M. Eburn

Don’t park in front of a Western Australia fire hydrant – but what’s a fire hydrant and how do I know where it is?

In Driving and Road Rules, Uncategorized on November 24, 2015 at 2:29 pm

This question comes from Western Australia but I suspect the issue is common across Australia.

I believe an unsatisfactory situation exists which needs rectification, perhaps not only in W.A. but throughout Australia, in regards to fire hydrant markings.

It would seem from anecdote that a fairly common offence in the Perth metropolitan area is obstruction of fire hydrant points. Many of these points are embedded in public road surfaces and are covered with a plug approximately 20cm square. They are all but invisible to motorists.

The practice on the part of the authorities is to mark the road adjacent to the hydrants with a white painted “H” symbol and further mark the adjacent kerb with a splodge of white paint.  The resultant effect, without familiar knowledge in my view, is akin to markings on a roadway preparatory to road repair.
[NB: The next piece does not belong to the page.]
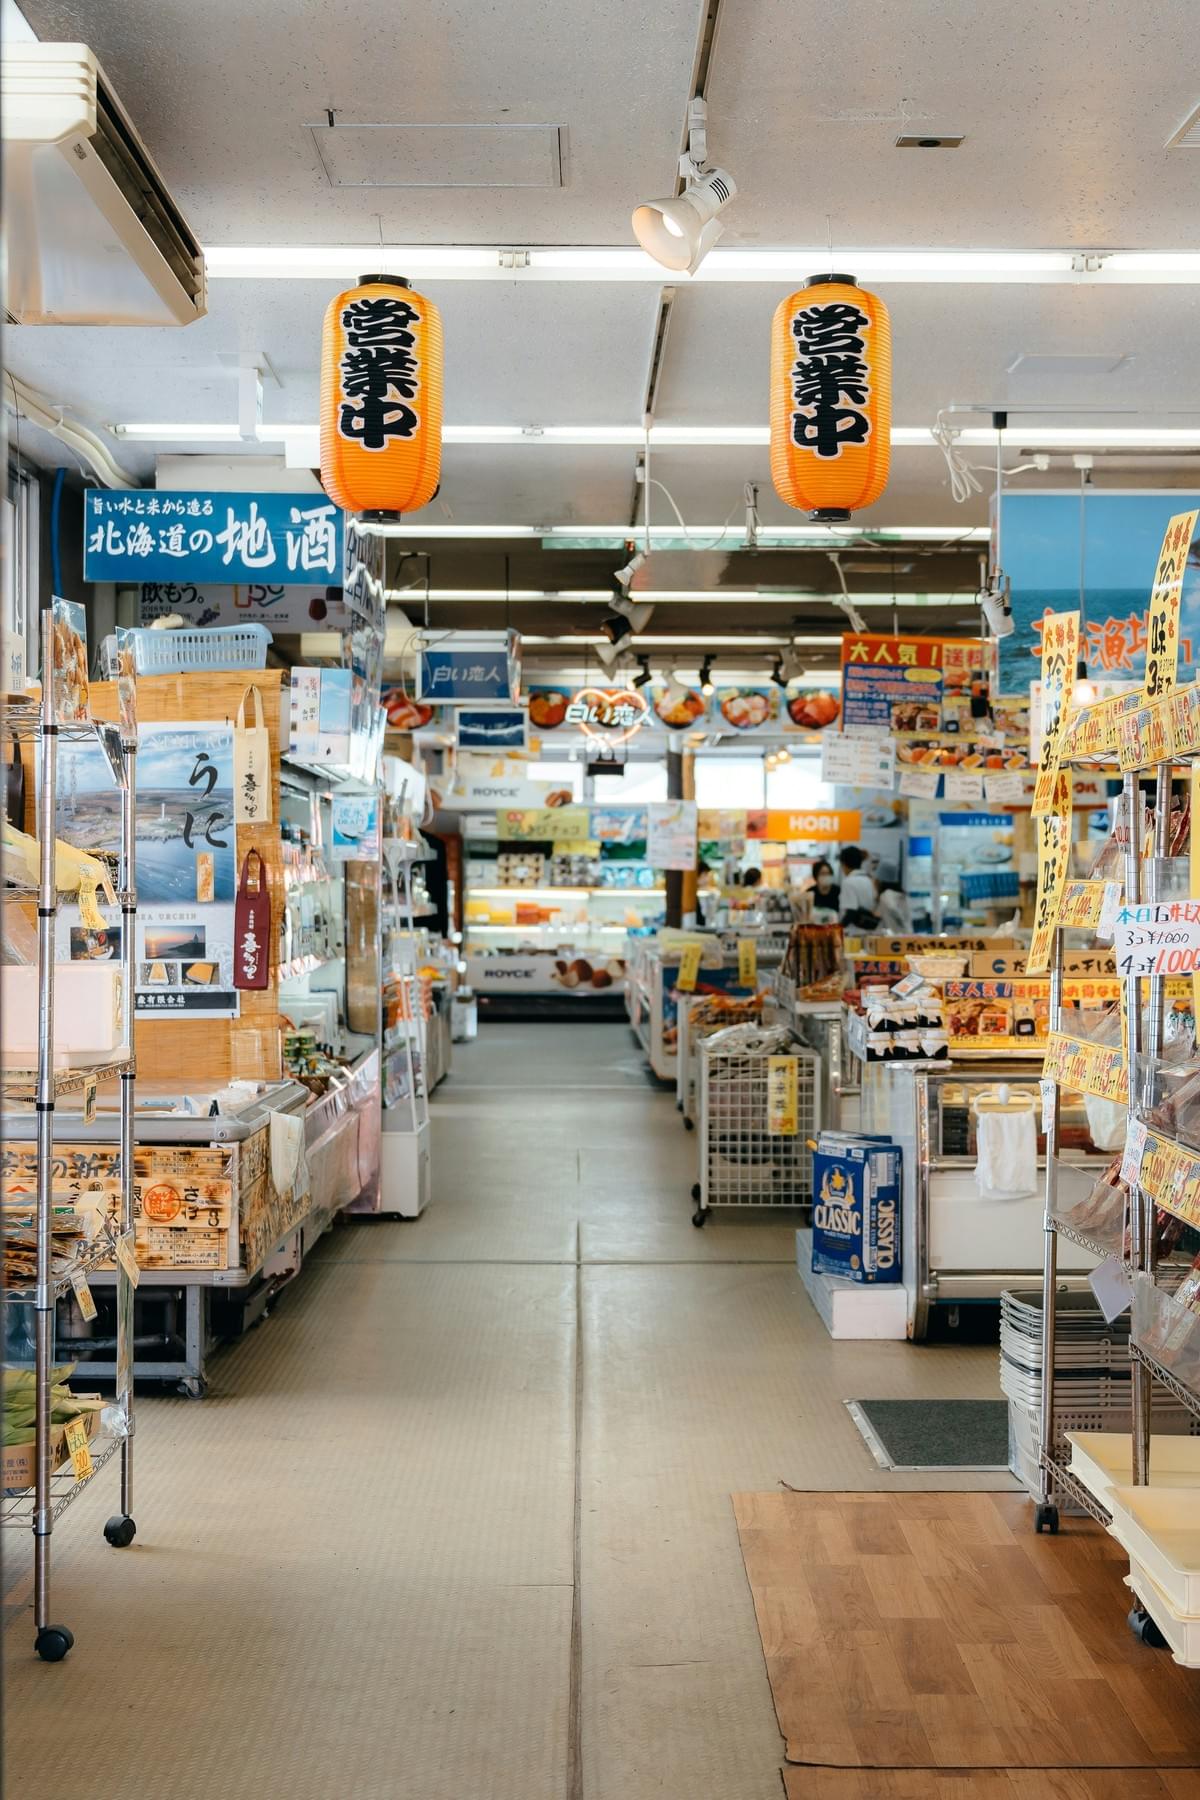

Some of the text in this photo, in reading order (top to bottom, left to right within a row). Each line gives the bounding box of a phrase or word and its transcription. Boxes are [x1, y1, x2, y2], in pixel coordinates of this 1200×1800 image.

The issue, in this area of W.A. at least, is that the authority, Department of Fire and Emergency Services, and subcontracted Municipal Councils do not appear to have a published code for identification of hydrants.  Perhaps because of this, the driving code handbooks fail to indicate what constitutes a fire hydrant marking.  It would be fair of course to say that local knowledge has been built such that many people do recognize the significance of the marking.  However, rightly, many more do not.

In my case, as a traveller who spends 6 months per year overseas and who primarily resides in Sydney, the “H” designation meant nothing – as I’m sure it would to most visitors.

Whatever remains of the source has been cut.